Step 6: Documentation

  • The formal care/treatment plan must be documented in the patient’s dental record, capturing:
    • All components of the DH process: assessment data, diagnosis, care plan, implementation actions, evaluation, and referrals if required.
    • Pertinent patient responses, satisfying ethical and legal responsibilities.

Legal and Ethical Concepts

HIPAA (Health Insurance Portability and Accountability Act)
  • Establishes standards for protecting sensitive patient data and mandates adherence to security regulations.
  • Requires a legal form signed by the patient, confirming the provision of data protection.
Professional Liability
  • Dental hygienists are legally accountable for actions as defined by their state’s Dental Hygiene Practice Act.
Scope of Practice
  • Dental hygienists must operate within the legal parameters established by state laws and licensure requirements. Some states allow for unsupervised practice under specific conditions.
Standard of Care
  • Refers to the expected level of clinical performance for safe and ethical practice, based on current evidence and practices. Any deviation can be viewed as negligence.
Informed Consent
  • Essential communication with the patient about treatment options prior to the signed agreement for procedures.
  • Implied consent applies to examination settings but must be clarified to the patient.
  • Patients must be informed about potential consequences of refusing treatment.

Ethical Considerations

  • Ensure respect for each patient and maintain effective communication among care parties.
  • Continuous education to stay current with standards of care.
  • Ability to identify reporting needs for unacceptable practices.

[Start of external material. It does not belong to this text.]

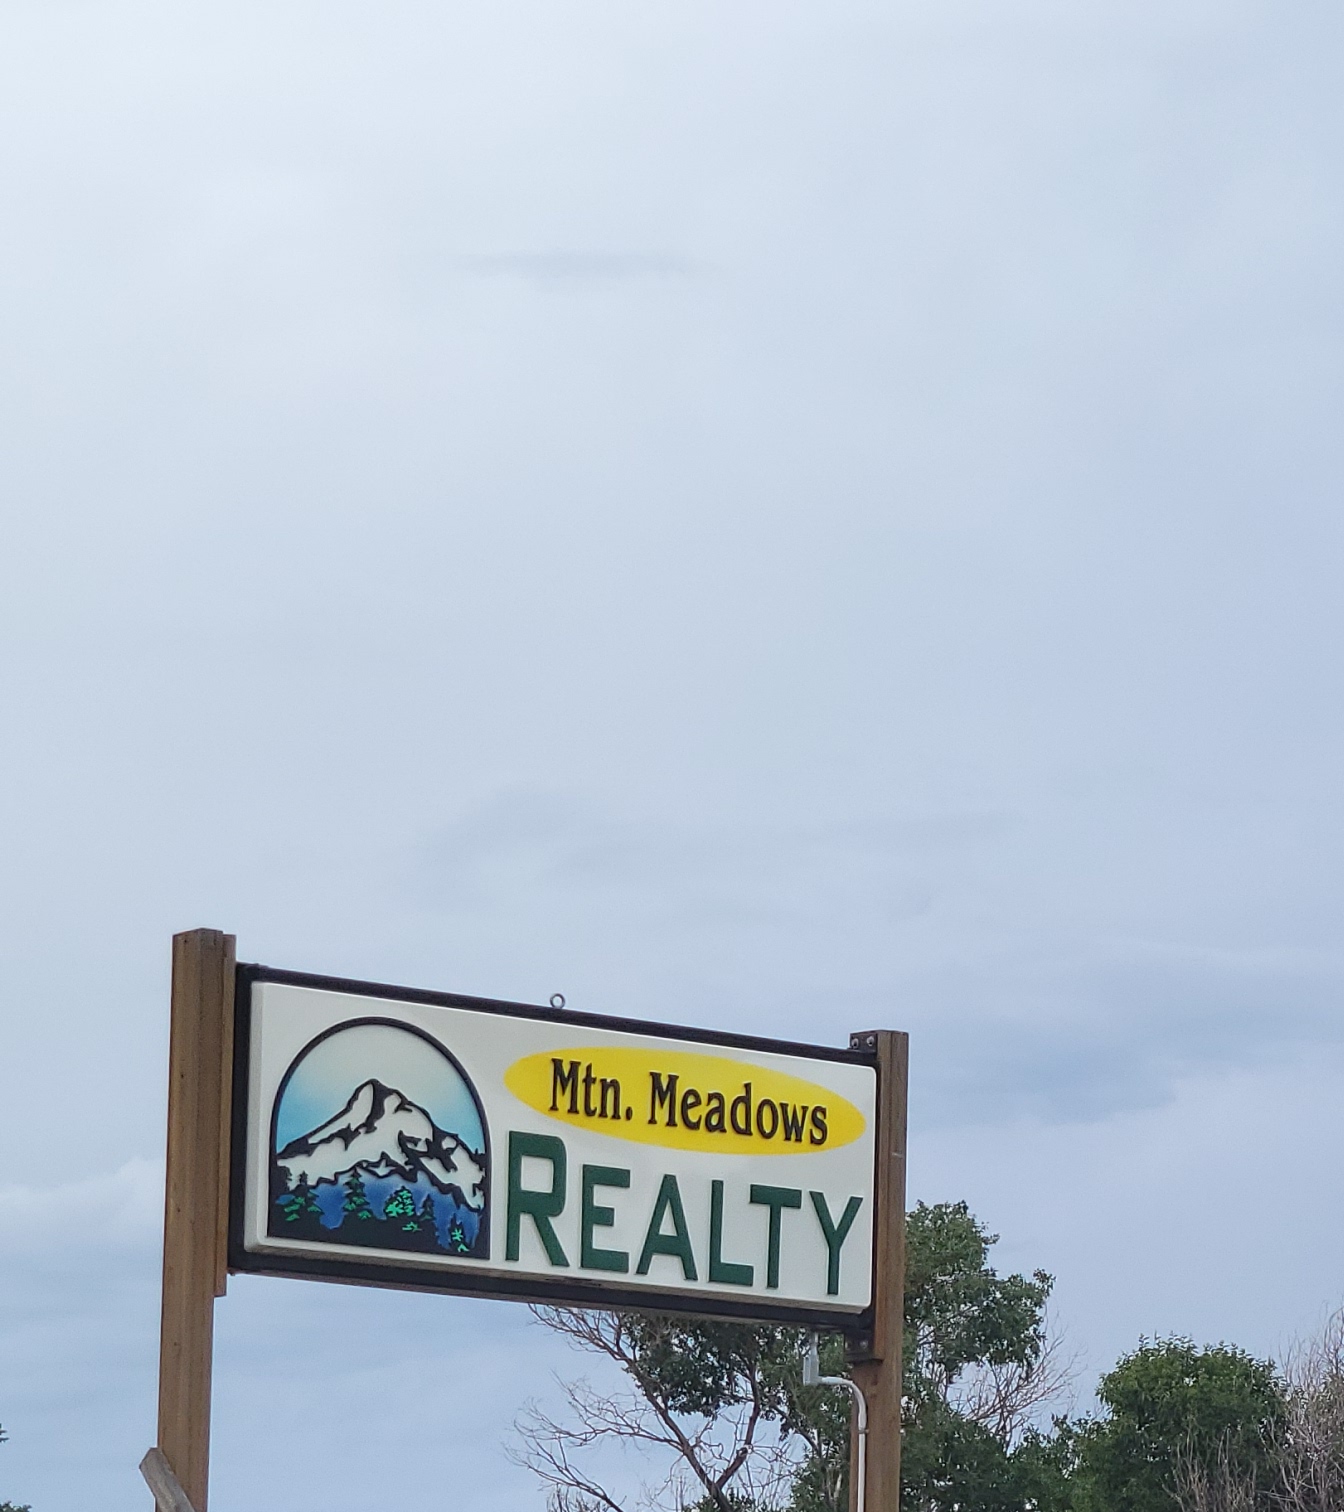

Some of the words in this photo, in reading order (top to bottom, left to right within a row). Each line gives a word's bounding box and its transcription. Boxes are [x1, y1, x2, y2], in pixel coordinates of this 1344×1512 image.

RCTC Treatment/Care Plan Protocol

  • Introduced a new Treatment Plan Worksheet in 2024 including:
    • Risk factors checklist for diagnosis determination.
    • Periodontal status/diagnosis and caries risk assessment guidelines.
    • Fluoride recommendations and patient oral care goals.

Recap of Key Concepts

Scope of Practice
  • Dental hygienists are licensed experts supporting preventive dental care and hygiene, supervised by dentists, except in specific states like Minnesota where independent practice may be allowed.
Dental Hygiene Diagnosis
  • Defined by ADHA as identifying health behaviors, attitudes, and care needs where a dental hygienist is qualified to provide care.
  • Communication is vital for trust-building; discussing health status, treatment options, expected outcomes, and the patient’s decision-making role.

Case Study: Assessment Data for Joe Smith

  • Patient Profile: 48-year-old male.
    • Health History: Non-smoker, no medications, low-carb diet, regular exercise.
    • Blood Pressure: 132/74, Pulse: 78.
    • Caries Risk Assessment: No recent caries; regular dental visits; localized recession noted.
    • Radiographs: Full mouth X-rays from 2023, bitewings 6/2024; no loss of bone density observed.
    • Clinical Exam: Free gingiva is healthy with some rolled margins; attached gingiva has proper firmness and stippling; plaque manageable with localized biofilm concerns.